Output only the span of lines that begins at the line containing "this 1600×1200 image." and ends at the last line of the data, both included, exactly as they appear.

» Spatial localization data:

▽

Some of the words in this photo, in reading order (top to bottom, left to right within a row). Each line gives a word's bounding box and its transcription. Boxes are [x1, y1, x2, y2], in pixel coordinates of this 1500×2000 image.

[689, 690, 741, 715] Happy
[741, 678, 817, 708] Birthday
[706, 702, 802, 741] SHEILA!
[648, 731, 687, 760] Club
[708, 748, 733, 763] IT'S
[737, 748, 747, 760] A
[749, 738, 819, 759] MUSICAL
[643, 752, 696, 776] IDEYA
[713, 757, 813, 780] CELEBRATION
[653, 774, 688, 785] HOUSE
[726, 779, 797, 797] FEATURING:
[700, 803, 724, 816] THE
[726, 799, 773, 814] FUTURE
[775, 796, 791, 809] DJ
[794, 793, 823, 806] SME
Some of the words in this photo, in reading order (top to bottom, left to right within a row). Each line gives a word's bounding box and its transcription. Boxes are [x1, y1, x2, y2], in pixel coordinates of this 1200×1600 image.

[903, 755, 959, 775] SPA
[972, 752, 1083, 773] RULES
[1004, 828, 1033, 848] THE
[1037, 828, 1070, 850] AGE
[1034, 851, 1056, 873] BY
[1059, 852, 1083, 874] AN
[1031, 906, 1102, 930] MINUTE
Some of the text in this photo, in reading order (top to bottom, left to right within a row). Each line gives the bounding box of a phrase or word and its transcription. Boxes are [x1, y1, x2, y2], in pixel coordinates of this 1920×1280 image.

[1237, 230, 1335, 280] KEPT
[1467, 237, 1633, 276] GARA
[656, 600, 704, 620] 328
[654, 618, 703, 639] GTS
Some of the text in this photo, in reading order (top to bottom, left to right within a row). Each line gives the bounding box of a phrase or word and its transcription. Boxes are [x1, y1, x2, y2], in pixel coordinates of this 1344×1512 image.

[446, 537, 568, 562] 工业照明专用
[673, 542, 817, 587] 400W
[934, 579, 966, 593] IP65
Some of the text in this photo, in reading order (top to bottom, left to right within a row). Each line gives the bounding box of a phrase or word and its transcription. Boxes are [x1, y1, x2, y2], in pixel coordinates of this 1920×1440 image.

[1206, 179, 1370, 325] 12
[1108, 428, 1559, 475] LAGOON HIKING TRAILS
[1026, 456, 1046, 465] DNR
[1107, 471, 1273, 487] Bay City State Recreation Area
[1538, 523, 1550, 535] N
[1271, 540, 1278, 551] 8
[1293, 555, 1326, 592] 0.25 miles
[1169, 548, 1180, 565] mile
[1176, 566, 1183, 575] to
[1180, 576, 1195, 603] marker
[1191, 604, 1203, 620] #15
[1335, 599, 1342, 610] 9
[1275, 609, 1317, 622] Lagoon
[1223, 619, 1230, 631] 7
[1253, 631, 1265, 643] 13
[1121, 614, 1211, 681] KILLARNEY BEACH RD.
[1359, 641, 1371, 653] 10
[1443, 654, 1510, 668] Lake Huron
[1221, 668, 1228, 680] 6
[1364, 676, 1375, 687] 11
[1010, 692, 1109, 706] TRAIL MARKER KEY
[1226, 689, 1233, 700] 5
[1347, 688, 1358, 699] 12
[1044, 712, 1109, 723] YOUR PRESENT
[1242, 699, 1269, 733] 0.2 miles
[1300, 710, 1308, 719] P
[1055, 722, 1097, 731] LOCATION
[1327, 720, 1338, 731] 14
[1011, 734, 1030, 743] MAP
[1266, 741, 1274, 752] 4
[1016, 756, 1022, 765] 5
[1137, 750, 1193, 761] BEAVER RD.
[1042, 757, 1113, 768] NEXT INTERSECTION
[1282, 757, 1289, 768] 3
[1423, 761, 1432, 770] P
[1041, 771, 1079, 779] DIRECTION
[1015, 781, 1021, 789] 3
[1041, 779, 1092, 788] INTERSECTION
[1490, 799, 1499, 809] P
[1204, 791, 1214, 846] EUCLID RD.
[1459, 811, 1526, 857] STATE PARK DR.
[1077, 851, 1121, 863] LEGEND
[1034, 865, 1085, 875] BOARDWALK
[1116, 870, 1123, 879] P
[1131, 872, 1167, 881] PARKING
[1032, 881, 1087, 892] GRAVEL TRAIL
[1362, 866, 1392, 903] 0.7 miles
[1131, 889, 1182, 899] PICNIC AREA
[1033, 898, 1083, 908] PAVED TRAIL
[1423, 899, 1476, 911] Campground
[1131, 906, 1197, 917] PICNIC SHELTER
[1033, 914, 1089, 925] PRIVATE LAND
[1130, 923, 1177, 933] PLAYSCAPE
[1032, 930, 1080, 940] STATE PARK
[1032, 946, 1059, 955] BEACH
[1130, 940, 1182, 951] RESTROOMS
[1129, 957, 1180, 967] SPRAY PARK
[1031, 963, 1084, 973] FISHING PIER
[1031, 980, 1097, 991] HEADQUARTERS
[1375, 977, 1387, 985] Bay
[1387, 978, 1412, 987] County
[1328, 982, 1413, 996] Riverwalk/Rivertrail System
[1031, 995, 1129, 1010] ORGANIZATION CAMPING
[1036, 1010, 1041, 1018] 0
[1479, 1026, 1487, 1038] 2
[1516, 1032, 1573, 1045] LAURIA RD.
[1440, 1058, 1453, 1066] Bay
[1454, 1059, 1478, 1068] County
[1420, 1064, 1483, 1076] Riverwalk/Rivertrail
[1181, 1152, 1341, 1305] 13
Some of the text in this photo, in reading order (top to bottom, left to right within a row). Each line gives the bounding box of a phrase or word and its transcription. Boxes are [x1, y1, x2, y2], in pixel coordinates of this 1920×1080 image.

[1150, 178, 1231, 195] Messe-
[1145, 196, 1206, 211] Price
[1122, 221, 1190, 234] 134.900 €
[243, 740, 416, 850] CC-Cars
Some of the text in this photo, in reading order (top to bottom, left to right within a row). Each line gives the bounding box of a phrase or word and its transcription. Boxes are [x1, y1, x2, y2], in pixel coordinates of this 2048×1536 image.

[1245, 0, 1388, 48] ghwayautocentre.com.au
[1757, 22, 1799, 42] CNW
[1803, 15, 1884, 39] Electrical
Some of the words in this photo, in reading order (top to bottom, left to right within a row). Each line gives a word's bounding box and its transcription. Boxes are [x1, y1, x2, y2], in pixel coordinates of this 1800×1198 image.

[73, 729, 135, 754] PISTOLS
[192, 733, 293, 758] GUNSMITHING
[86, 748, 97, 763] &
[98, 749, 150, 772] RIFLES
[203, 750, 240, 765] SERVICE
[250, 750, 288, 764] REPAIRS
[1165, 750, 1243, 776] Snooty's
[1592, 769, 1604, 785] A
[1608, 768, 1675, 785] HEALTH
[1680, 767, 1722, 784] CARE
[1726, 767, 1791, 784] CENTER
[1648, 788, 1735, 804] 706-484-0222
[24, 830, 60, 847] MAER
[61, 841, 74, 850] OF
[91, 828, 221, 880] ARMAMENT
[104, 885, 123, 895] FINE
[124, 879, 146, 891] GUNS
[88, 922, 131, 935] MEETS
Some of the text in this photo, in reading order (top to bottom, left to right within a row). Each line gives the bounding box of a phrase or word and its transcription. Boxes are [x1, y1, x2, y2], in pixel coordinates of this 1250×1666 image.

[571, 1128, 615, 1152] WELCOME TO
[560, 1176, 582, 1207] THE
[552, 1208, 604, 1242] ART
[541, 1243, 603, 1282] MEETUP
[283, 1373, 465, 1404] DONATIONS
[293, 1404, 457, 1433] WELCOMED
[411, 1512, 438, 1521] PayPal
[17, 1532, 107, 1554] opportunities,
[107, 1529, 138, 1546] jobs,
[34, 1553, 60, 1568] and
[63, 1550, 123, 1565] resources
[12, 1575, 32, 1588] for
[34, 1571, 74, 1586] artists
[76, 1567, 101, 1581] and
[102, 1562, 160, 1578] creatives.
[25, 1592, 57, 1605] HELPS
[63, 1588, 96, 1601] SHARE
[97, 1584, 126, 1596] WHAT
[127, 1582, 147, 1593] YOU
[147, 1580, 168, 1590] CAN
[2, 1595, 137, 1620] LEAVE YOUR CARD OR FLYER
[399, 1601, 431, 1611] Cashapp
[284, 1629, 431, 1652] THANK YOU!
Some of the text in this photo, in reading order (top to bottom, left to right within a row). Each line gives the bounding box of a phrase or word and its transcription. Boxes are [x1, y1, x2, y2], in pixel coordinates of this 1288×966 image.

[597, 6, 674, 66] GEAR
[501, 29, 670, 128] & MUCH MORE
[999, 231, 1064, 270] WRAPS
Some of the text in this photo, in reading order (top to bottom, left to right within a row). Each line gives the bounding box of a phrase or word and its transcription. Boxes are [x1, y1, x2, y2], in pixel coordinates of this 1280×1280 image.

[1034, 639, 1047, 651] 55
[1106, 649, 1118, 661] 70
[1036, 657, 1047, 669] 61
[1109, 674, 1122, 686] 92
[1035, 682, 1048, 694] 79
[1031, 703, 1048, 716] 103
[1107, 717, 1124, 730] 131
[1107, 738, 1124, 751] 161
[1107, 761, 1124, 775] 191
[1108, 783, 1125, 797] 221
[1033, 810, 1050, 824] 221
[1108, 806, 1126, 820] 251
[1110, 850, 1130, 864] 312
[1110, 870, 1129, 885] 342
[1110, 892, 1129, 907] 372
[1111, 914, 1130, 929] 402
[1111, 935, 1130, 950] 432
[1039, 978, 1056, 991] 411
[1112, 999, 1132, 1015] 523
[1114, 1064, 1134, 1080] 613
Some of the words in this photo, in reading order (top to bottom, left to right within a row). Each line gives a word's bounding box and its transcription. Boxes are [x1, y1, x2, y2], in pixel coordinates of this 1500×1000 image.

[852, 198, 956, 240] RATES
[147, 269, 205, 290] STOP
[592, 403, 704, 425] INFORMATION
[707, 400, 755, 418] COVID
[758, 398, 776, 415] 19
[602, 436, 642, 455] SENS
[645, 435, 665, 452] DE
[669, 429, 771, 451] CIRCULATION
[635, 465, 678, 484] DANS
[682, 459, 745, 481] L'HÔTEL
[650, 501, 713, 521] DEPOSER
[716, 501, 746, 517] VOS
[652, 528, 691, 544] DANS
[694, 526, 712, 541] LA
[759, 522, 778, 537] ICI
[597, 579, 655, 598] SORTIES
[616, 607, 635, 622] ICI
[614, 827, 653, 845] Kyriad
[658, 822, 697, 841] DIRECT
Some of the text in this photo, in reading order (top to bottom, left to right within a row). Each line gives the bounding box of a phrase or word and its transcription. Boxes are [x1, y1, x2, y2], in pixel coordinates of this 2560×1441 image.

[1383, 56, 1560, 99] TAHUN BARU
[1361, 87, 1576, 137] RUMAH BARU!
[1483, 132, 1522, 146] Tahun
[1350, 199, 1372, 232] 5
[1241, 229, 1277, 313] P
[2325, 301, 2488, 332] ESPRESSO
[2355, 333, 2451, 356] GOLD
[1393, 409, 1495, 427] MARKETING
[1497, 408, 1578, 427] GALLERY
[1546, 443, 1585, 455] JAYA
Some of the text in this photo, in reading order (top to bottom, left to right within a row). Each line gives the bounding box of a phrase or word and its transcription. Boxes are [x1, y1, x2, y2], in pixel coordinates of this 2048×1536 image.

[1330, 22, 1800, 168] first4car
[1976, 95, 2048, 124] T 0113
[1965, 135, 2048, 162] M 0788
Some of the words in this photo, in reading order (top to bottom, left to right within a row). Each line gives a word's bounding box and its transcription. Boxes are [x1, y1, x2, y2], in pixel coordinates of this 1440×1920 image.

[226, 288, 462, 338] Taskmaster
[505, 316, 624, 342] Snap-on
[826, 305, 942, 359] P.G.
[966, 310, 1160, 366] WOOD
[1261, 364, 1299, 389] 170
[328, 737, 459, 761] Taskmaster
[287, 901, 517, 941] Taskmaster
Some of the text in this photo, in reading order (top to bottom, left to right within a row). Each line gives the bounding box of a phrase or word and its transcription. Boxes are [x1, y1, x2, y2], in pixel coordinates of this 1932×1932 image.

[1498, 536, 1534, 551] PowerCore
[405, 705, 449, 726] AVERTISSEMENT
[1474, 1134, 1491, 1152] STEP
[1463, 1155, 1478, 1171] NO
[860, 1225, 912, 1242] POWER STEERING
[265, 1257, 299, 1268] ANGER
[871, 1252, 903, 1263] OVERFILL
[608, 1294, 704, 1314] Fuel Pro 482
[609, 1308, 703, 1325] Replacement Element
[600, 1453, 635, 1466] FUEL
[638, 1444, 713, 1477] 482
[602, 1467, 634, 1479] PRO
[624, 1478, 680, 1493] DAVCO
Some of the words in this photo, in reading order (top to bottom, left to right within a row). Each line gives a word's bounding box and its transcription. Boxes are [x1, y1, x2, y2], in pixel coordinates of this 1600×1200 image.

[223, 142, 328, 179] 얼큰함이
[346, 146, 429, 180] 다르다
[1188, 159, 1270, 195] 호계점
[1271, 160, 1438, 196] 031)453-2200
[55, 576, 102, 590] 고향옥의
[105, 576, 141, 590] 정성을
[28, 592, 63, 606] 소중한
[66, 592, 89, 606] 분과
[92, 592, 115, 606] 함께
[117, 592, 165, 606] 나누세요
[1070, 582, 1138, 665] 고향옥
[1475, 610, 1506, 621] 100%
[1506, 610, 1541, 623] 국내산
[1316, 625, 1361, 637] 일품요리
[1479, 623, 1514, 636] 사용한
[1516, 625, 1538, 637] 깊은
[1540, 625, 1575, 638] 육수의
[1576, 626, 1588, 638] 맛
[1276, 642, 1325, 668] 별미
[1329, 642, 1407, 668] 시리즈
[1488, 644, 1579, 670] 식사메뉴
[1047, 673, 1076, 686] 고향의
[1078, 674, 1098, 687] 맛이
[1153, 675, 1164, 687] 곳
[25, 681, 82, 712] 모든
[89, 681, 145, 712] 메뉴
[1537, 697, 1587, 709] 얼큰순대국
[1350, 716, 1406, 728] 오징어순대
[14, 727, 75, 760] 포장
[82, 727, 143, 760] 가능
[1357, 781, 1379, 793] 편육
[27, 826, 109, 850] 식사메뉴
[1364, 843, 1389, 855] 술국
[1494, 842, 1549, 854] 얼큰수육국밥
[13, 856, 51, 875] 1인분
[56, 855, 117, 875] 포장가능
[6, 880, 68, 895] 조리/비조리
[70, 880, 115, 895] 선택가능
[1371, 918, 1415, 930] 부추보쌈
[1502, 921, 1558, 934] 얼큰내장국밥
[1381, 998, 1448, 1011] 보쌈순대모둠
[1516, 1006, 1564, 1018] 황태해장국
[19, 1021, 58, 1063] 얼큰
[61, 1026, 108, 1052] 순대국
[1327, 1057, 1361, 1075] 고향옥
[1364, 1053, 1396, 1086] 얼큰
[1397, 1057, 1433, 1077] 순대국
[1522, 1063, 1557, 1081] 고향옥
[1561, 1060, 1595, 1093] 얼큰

△

» YOUR SOLUTION:
Some of the words in this photo, in reading order (top to bottom, left to right within a row). Each line gives a word's bounding box and its transcription. Boxes are [x1, y1, x2, y2], in pixel coordinates of this 1600×1200 image.

[223, 142, 328, 179] 얼큰함이
[346, 146, 429, 180] 다르다
[1188, 159, 1270, 195] 호계점
[1271, 160, 1438, 196] 031)453-2200
[55, 576, 102, 590] 고향옥의
[105, 576, 141, 590] 정성을
[28, 592, 63, 606] 소중한
[66, 592, 89, 606] 분과
[92, 592, 115, 606] 함께
[117, 592, 165, 606] 나누세요
[1070, 582, 1138, 665] 고향옥
[1475, 610, 1506, 621] 100%
[1506, 610, 1541, 623] 국내산
[1316, 625, 1361, 637] 일품요리
[1479, 623, 1514, 636] 사용한
[1516, 625, 1538, 637] 깊은
[1540, 625, 1575, 638] 육수의
[1576, 626, 1588, 638] 맛
[1276, 642, 1325, 668] 별미
[1329, 642, 1407, 668] 시리즈
[1488, 644, 1579, 670] 식사메뉴
[1047, 673, 1076, 686] 고향의
[1078, 674, 1098, 687] 맛이
[1153, 675, 1164, 687] 곳
[25, 681, 82, 712] 모든
[89, 681, 145, 712] 메뉴
[1537, 697, 1587, 709] 얼큰순대국
[1350, 716, 1406, 728] 오징어순대
[14, 727, 75, 760] 포장
[82, 727, 143, 760] 가능
[1357, 781, 1379, 793] 편육
[27, 826, 109, 850] 식사메뉴
[1364, 843, 1389, 855] 술국
[1494, 842, 1549, 854] 얼큰수육국밥
[13, 856, 51, 875] 1인분
[56, 855, 117, 875] 포장가능
[6, 880, 68, 895] 조리/비조리
[70, 880, 115, 895] 선택가능
[1371, 918, 1415, 930] 부추보쌈
[1502, 921, 1558, 934] 얼큰내장국밥
[1381, 998, 1448, 1011] 보쌈순대모둠
[1516, 1006, 1564, 1018] 황태해장국
[19, 1021, 58, 1063] 얼큰
[61, 1026, 108, 1052] 순대국
[1327, 1057, 1361, 1075] 고향옥
[1364, 1053, 1396, 1086] 얼큰
[1397, 1057, 1433, 1077] 순대국
[1522, 1063, 1557, 1081] 고향옥
[1561, 1060, 1595, 1093] 얼큰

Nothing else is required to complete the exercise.